- [Aim of the task] For the entries that follow, set down each one exactly and drop any pictures.

Referring expression grounding data:
—————

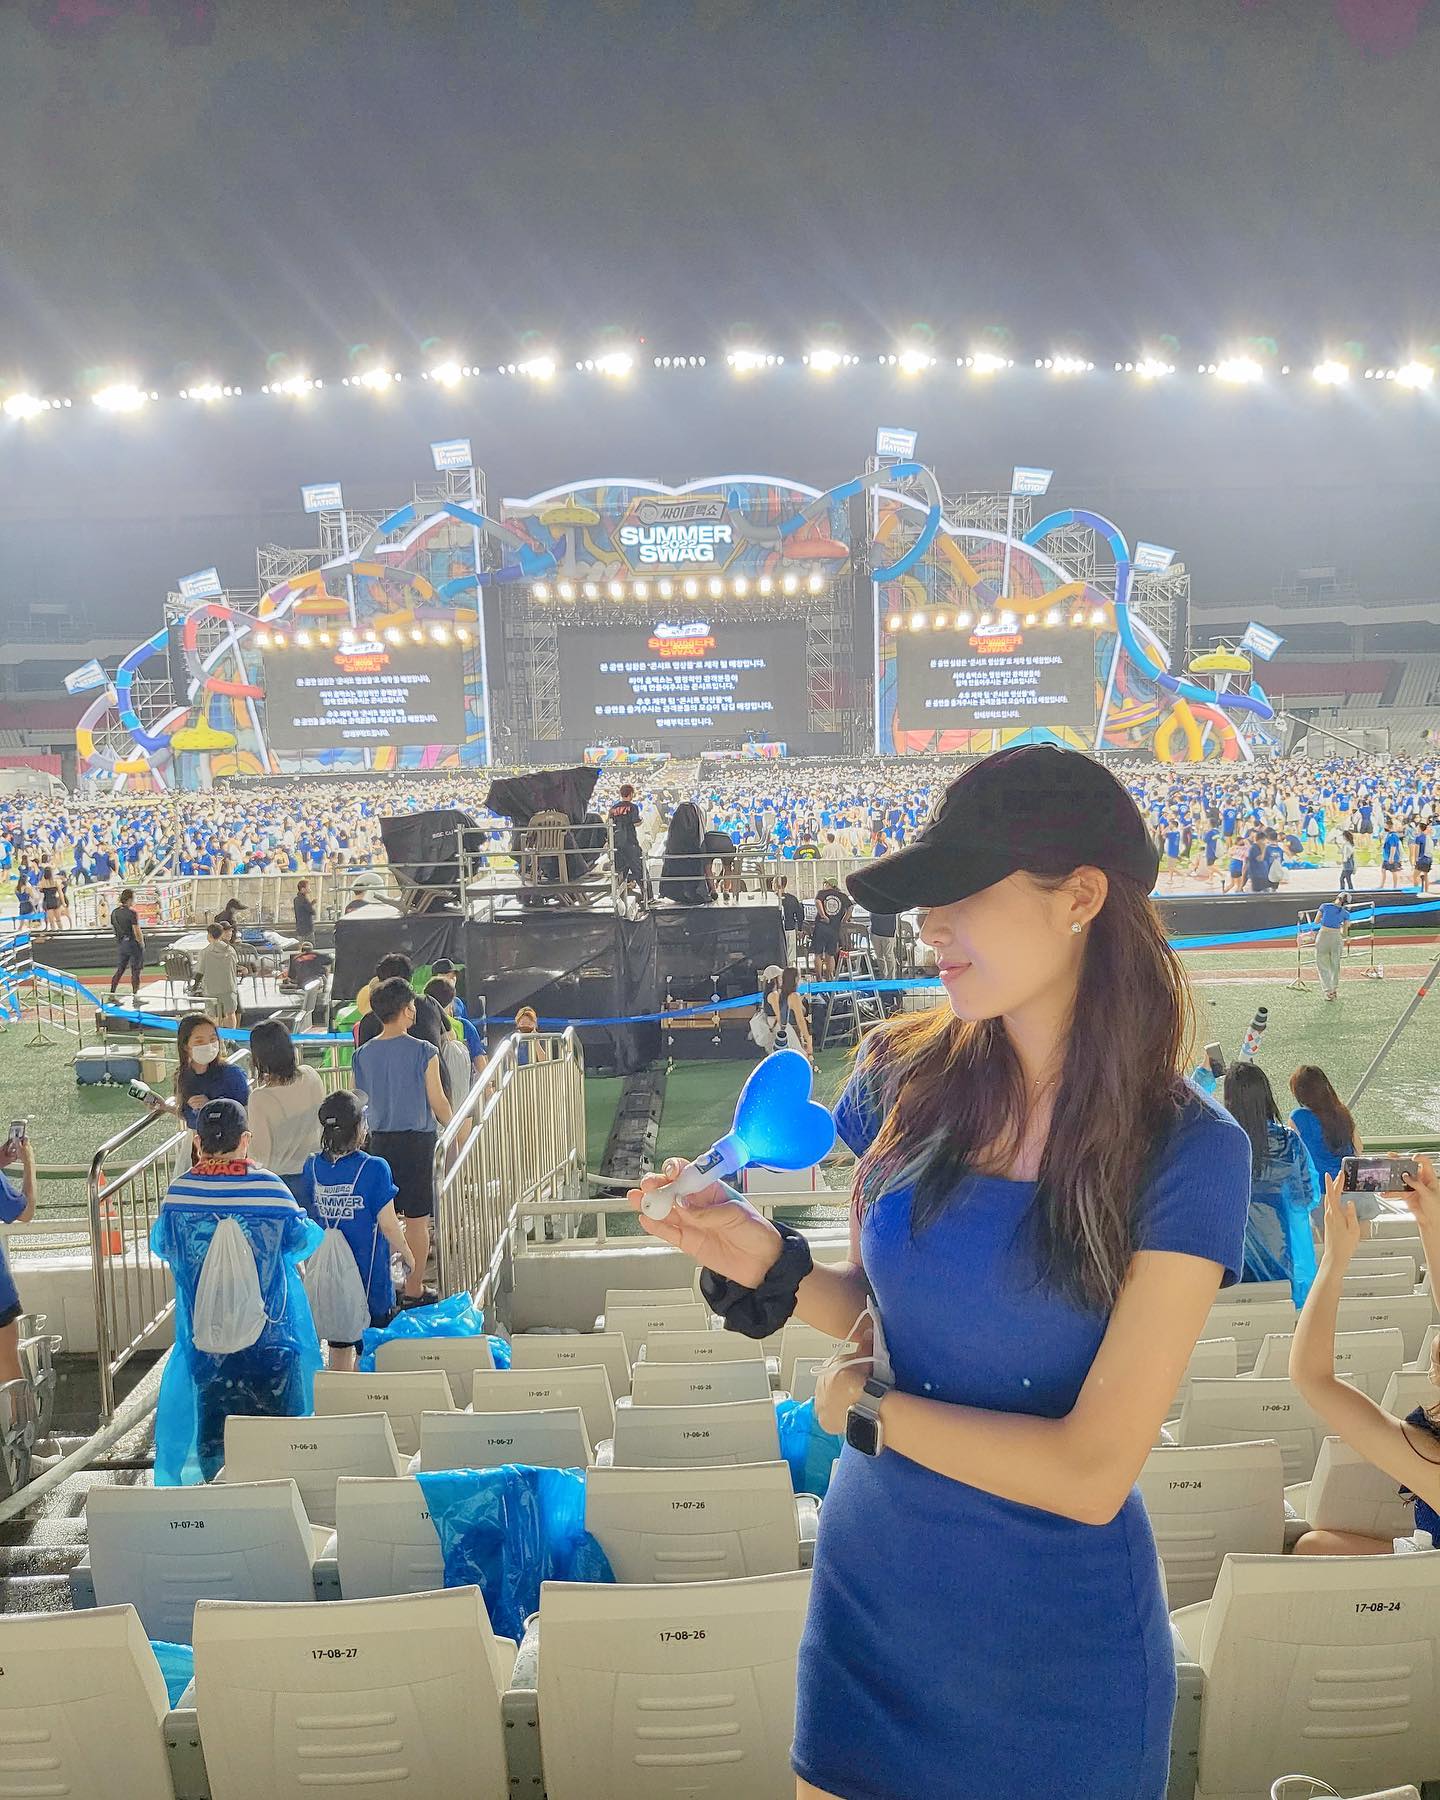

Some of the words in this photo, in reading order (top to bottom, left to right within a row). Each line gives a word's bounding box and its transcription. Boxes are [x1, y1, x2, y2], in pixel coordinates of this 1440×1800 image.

[620, 525, 732, 545] SUMMER
[661, 540, 697, 549] 2022
[640, 544, 715, 562] SWAG
[648, 637, 715, 648] SUMMER
[1169, 1481, 1202, 1489] 17-07-24
[671, 1501, 706, 1509] 17-07-26
[169, 1520, 205, 1529] 17-07-28
[1355, 1602, 1401, 1613] 17-08-24
[659, 1629, 706, 1642] 17-08-26
[311, 1648, 358, 1659] 17-08-27

—————

- [Task response]
Some of the words in this photo, in reading order (top to bottom, left to right within a row). Each line gives a word's bounding box and its transcription. Boxes are [x1, y1, x2, y2], in pixel coordinates of this 1440×1800 image.

[620, 525, 732, 545] SUMMER
[661, 540, 697, 549] 2022
[640, 544, 715, 562] SWAG
[648, 637, 715, 648] SUMMER
[1169, 1481, 1202, 1489] 17-07-24
[671, 1501, 706, 1509] 17-07-26
[169, 1520, 205, 1529] 17-07-28
[1355, 1602, 1401, 1613] 17-08-24
[659, 1629, 706, 1642] 17-08-26
[311, 1648, 358, 1659] 17-08-27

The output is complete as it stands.